### REQUIRED WORK
From the line containing "this 1200×1600 image." through the last line of the data, return those lines exactly as written and nothing more.

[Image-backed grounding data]
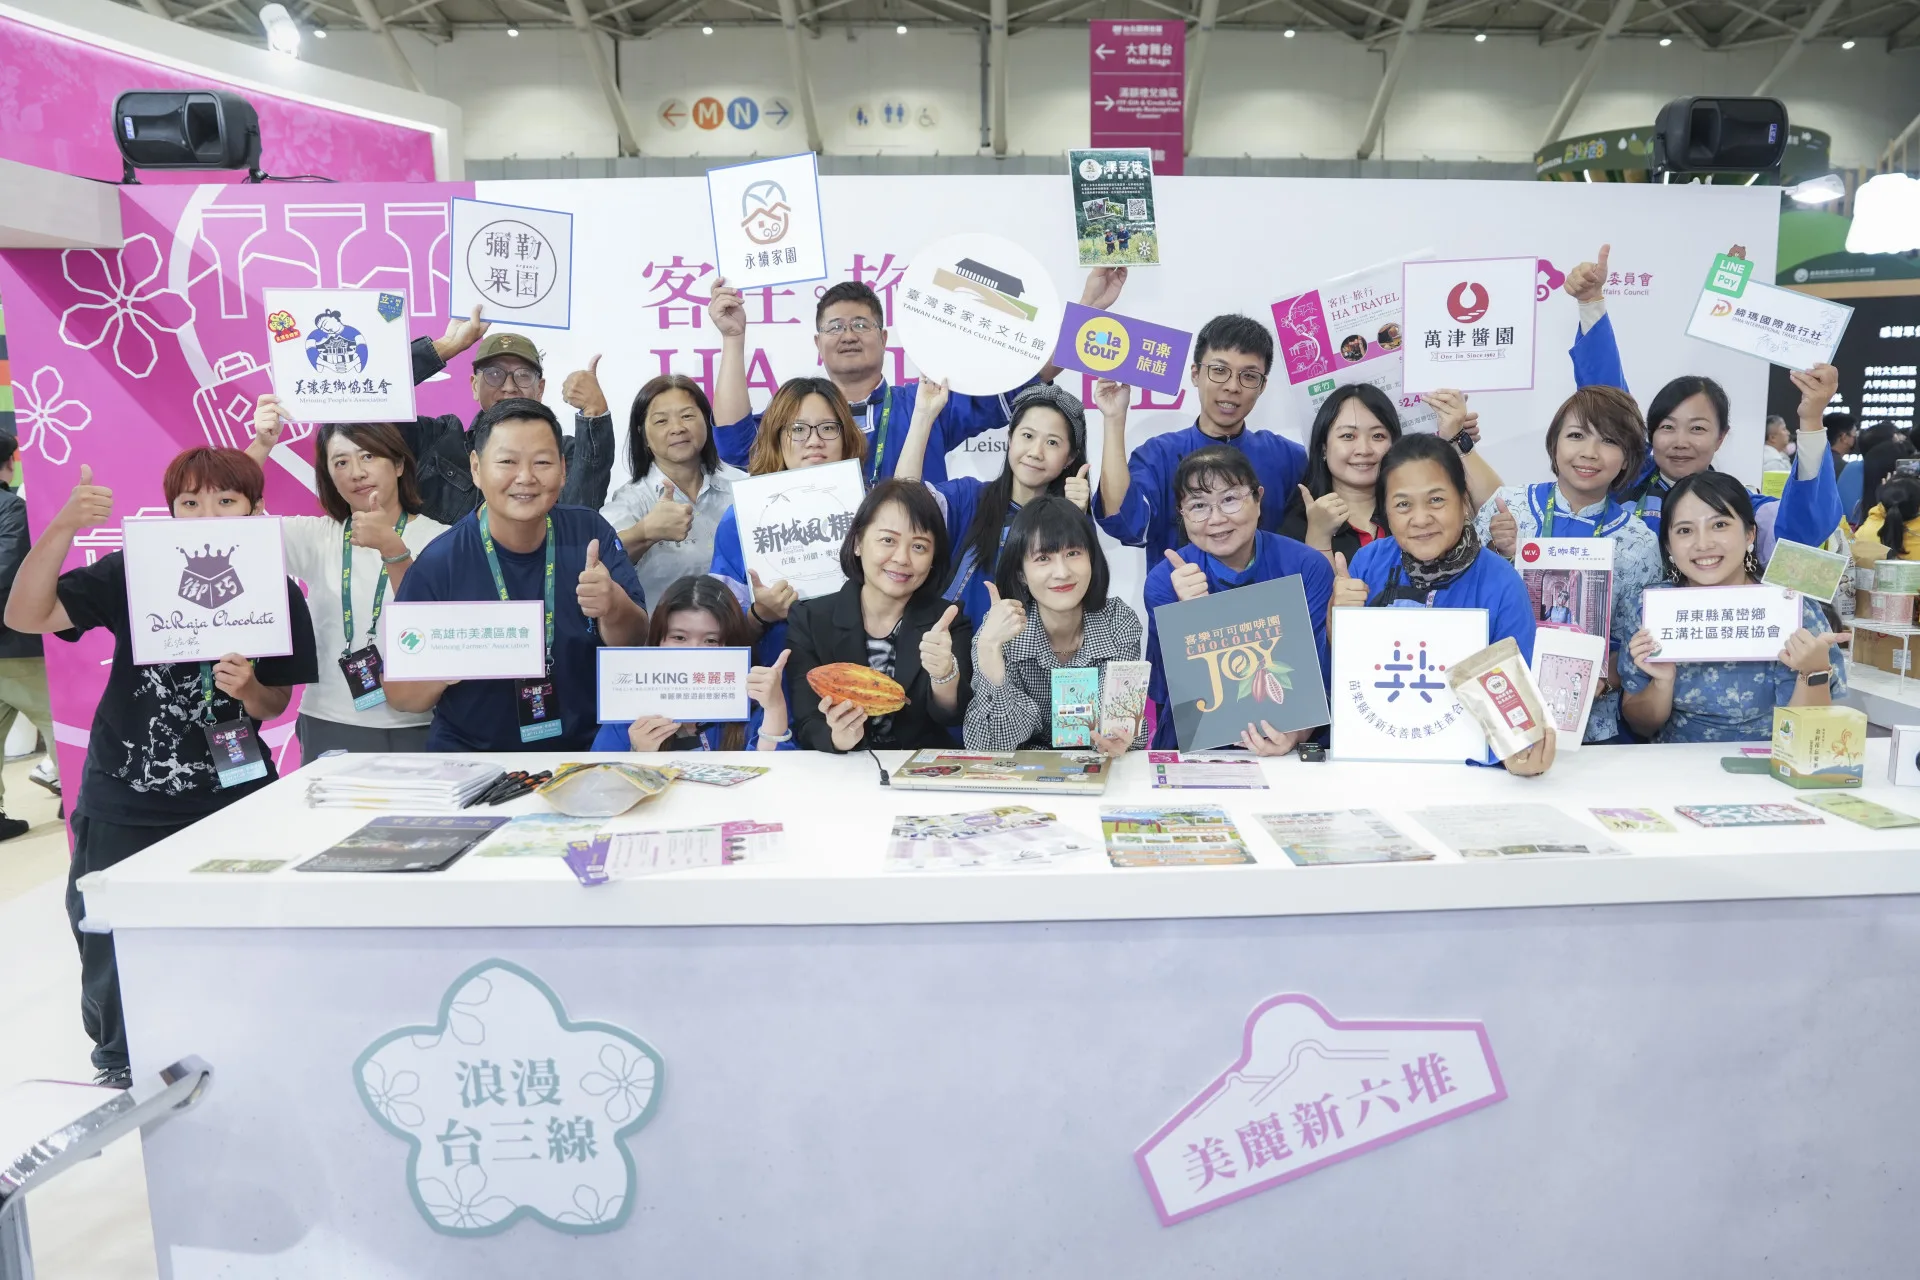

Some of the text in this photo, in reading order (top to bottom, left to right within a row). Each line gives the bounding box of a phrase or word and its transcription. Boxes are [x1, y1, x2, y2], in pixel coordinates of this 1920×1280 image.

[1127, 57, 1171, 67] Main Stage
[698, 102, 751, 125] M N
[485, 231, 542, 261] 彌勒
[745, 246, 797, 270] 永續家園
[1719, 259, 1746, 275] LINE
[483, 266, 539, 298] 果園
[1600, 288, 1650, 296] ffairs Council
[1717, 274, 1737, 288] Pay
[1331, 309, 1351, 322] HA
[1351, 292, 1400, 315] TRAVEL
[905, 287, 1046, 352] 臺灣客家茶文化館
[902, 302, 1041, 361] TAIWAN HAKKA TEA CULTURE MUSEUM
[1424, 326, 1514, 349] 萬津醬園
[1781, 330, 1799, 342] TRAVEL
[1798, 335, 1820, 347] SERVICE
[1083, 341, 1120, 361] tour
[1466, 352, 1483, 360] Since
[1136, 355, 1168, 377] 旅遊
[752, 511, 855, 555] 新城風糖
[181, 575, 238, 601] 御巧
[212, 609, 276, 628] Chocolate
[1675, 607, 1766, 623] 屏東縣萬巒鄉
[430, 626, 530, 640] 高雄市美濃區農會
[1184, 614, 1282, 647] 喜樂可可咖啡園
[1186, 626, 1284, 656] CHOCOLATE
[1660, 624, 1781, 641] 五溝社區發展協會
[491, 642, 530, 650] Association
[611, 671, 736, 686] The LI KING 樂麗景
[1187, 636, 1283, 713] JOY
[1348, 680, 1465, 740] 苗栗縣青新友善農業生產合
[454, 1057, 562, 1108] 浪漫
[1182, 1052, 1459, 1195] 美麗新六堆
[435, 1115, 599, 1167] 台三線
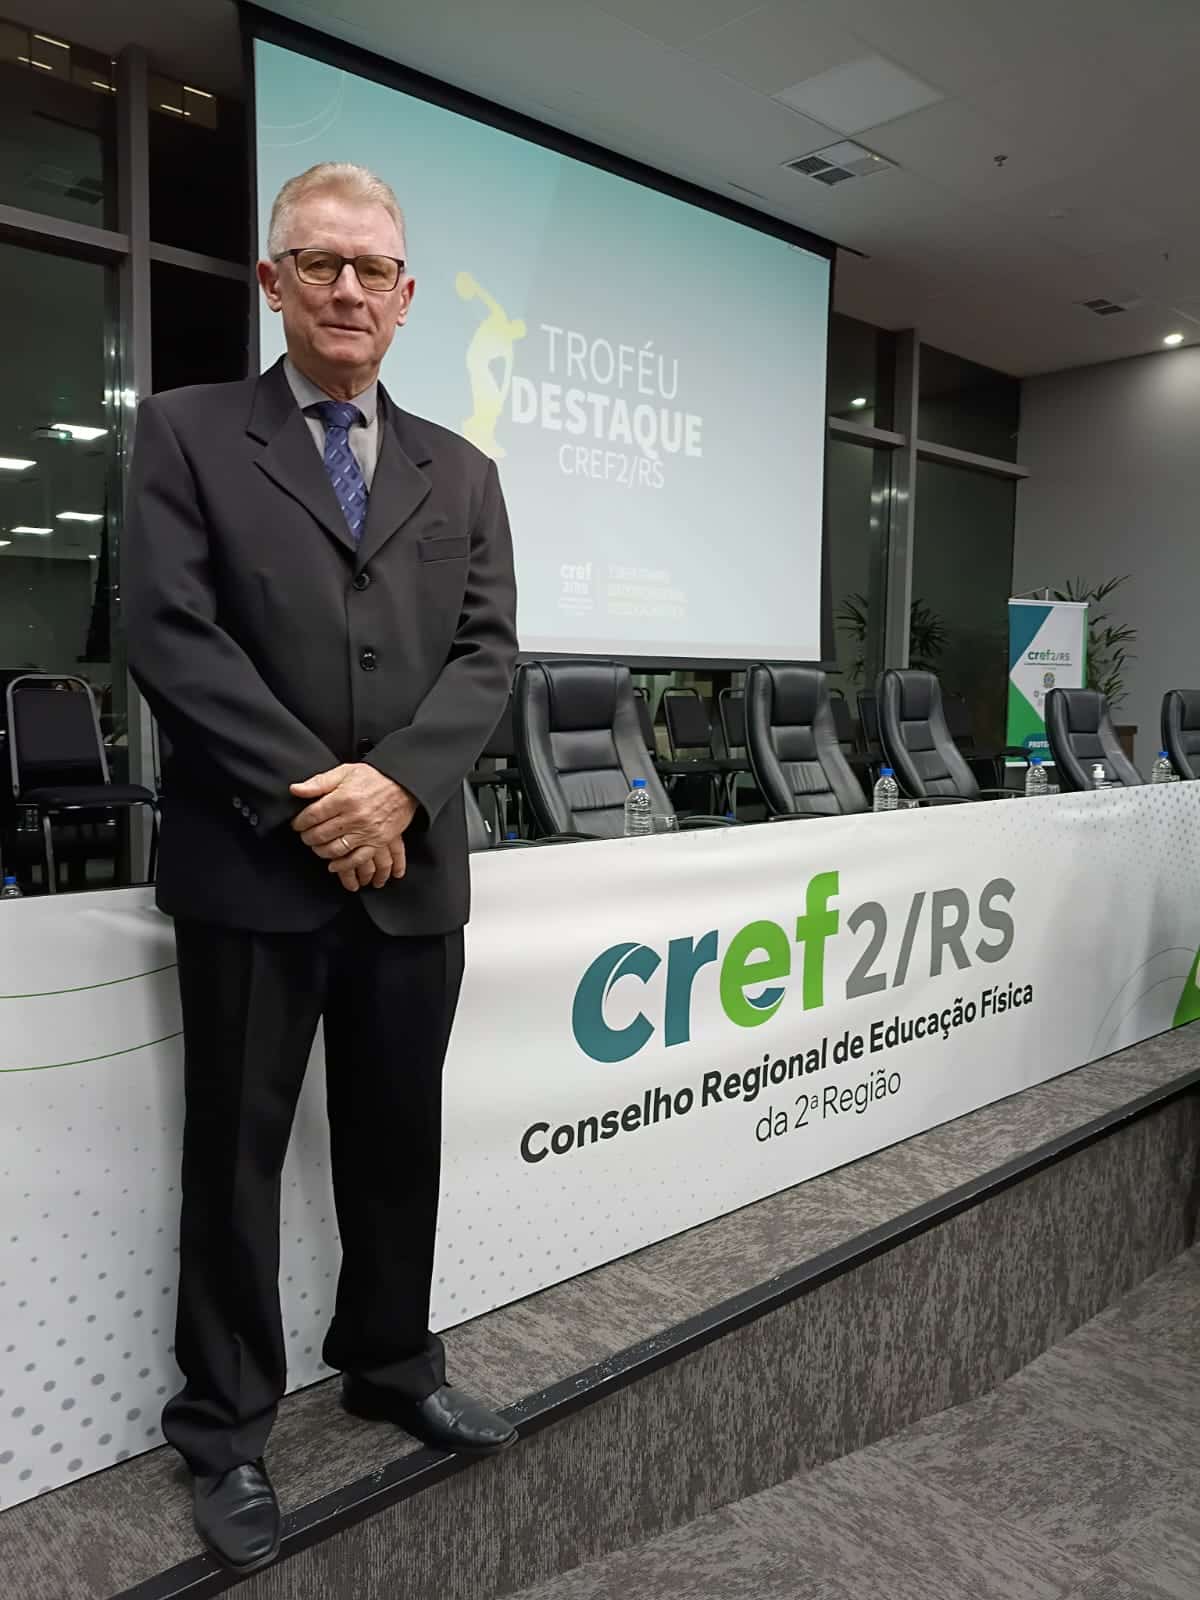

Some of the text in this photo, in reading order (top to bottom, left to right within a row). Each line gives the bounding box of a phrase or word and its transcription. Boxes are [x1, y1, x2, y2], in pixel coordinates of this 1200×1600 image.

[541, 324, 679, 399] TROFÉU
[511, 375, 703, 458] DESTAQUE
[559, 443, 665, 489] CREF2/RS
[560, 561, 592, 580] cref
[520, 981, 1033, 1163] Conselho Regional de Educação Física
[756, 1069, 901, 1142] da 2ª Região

### YOUR SOLUTION
Some of the text in this photo, in reading order (top to bottom, left to right within a row). Each line gives the bounding box of a phrase or word and its transcription. Boxes are [x1, y1, x2, y2], in pixel coordinates of this 1200×1600 image.

[541, 324, 679, 399] TROFÉU
[511, 375, 703, 458] DESTAQUE
[559, 443, 665, 489] CREF2/RS
[560, 561, 592, 580] cref
[520, 981, 1033, 1163] Conselho Regional de Educação Física
[756, 1069, 901, 1142] da 2ª Região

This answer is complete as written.